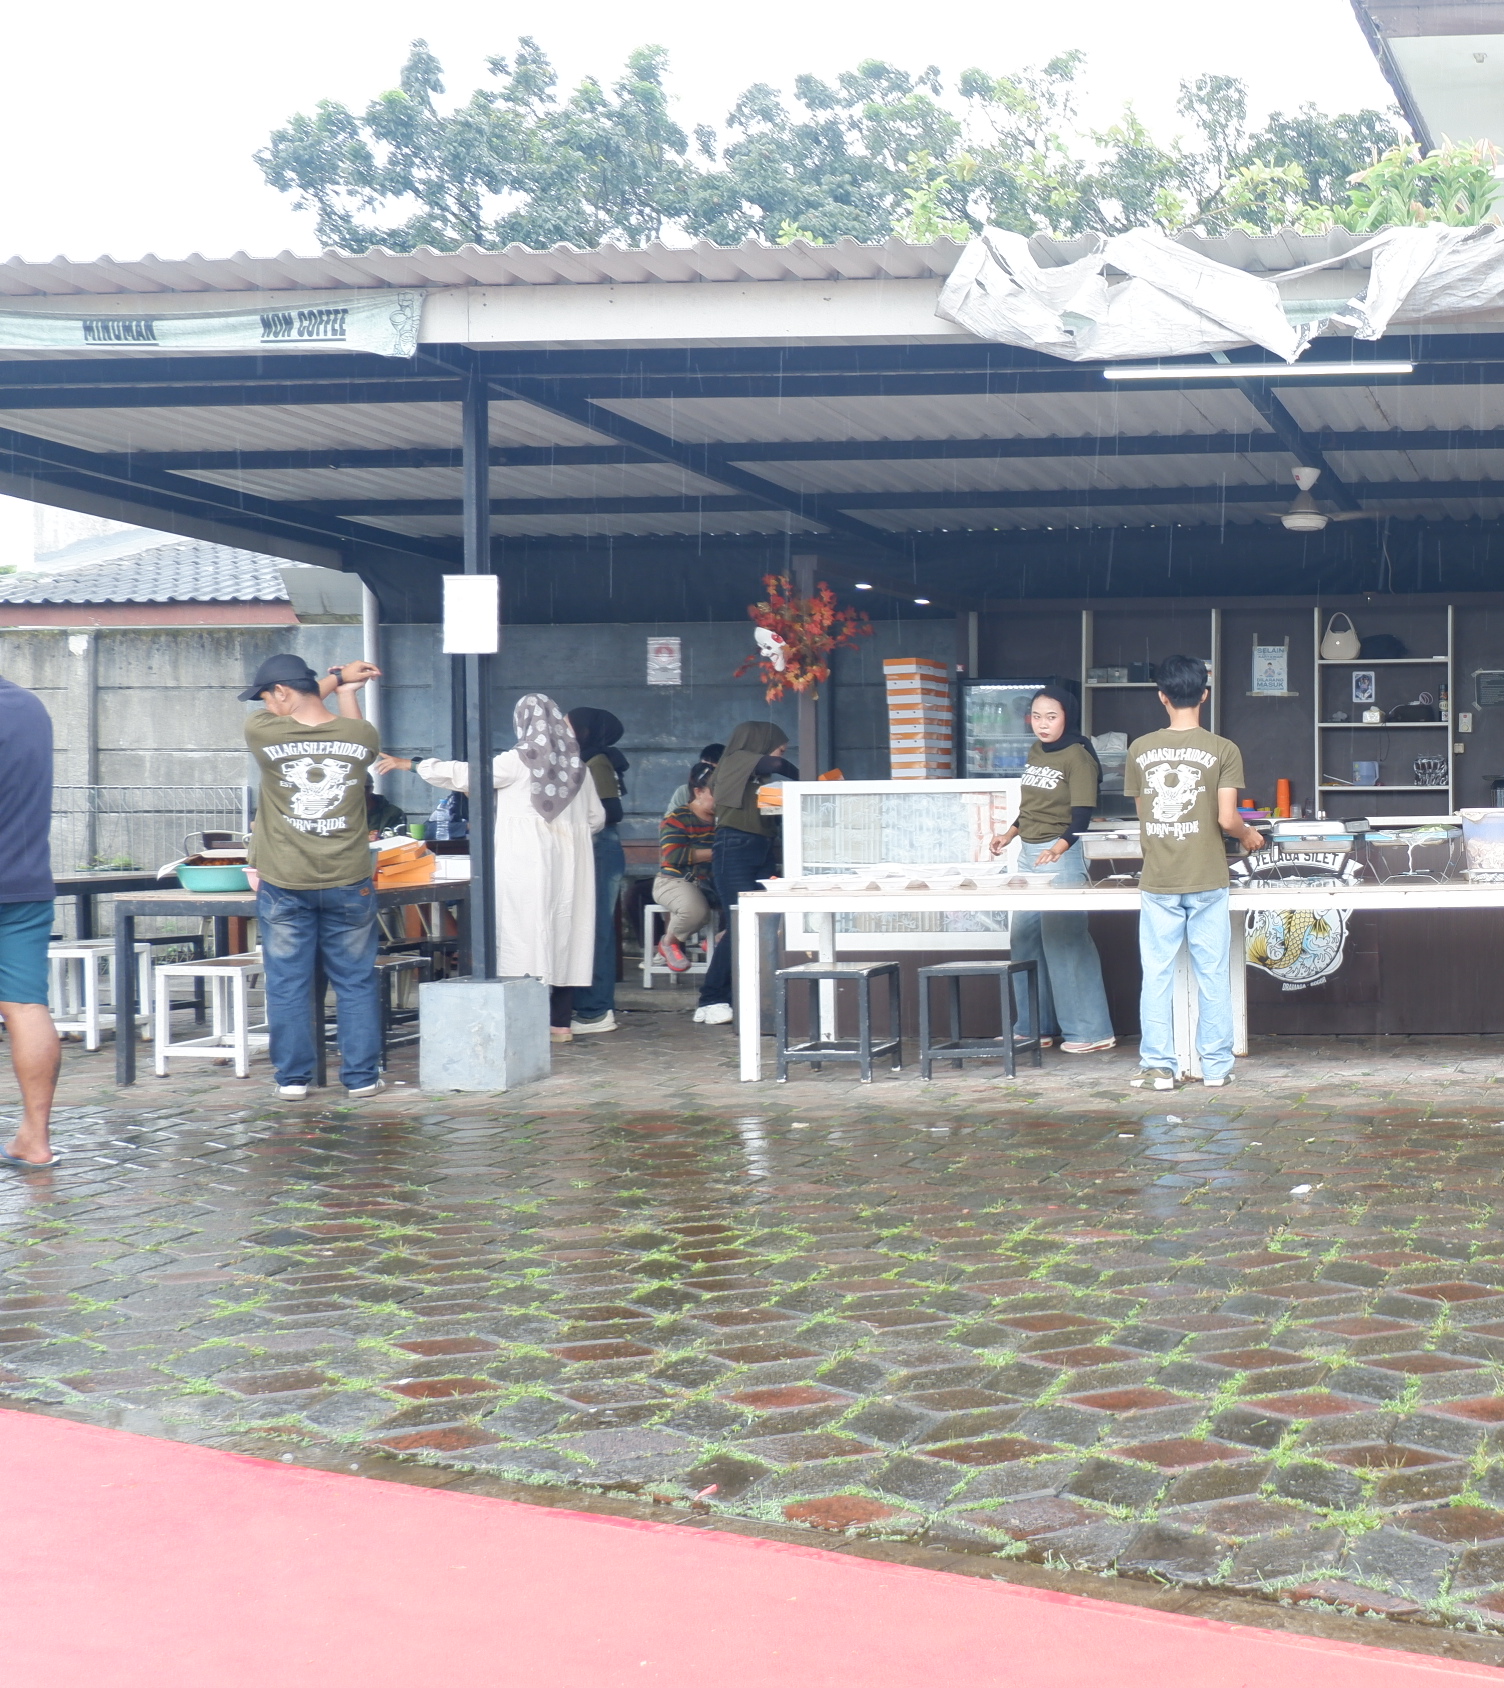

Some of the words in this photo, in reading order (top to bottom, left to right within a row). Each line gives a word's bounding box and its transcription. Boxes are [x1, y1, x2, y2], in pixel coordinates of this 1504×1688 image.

[82, 320, 157, 342] MINUMAN
[260, 312, 295, 338] NON
[297, 308, 349, 337] COFFEE
[262, 740, 368, 761] TELAGASILET-RIDERS
[280, 780, 293, 788] EST
[317, 815, 346, 836] RIDE
[1145, 821, 1169, 838] BORN
[1174, 819, 1200, 841] RIDE
[1304, 852, 1340, 866] SILET

▶ **TASK DIRECTIONS**:
Take the listing and print it again exactly, but without any pictures.

▶ **RESPONSE TO THE TASK**:
Some of the words in this photo, in reading order (top to bottom, left to right within a row). Each line gives a word's bounding box and its transcription. Boxes are [x1, y1, x2, y2], in pixel coordinates of this 1504×1688 image.

[82, 320, 157, 342] MINUMAN
[260, 312, 295, 338] NON
[297, 308, 349, 337] COFFEE
[262, 740, 368, 761] TELAGASILET-RIDERS
[280, 780, 293, 788] EST
[317, 815, 346, 836] RIDE
[1145, 821, 1169, 838] BORN
[1174, 819, 1200, 841] RIDE
[1304, 852, 1340, 866] SILET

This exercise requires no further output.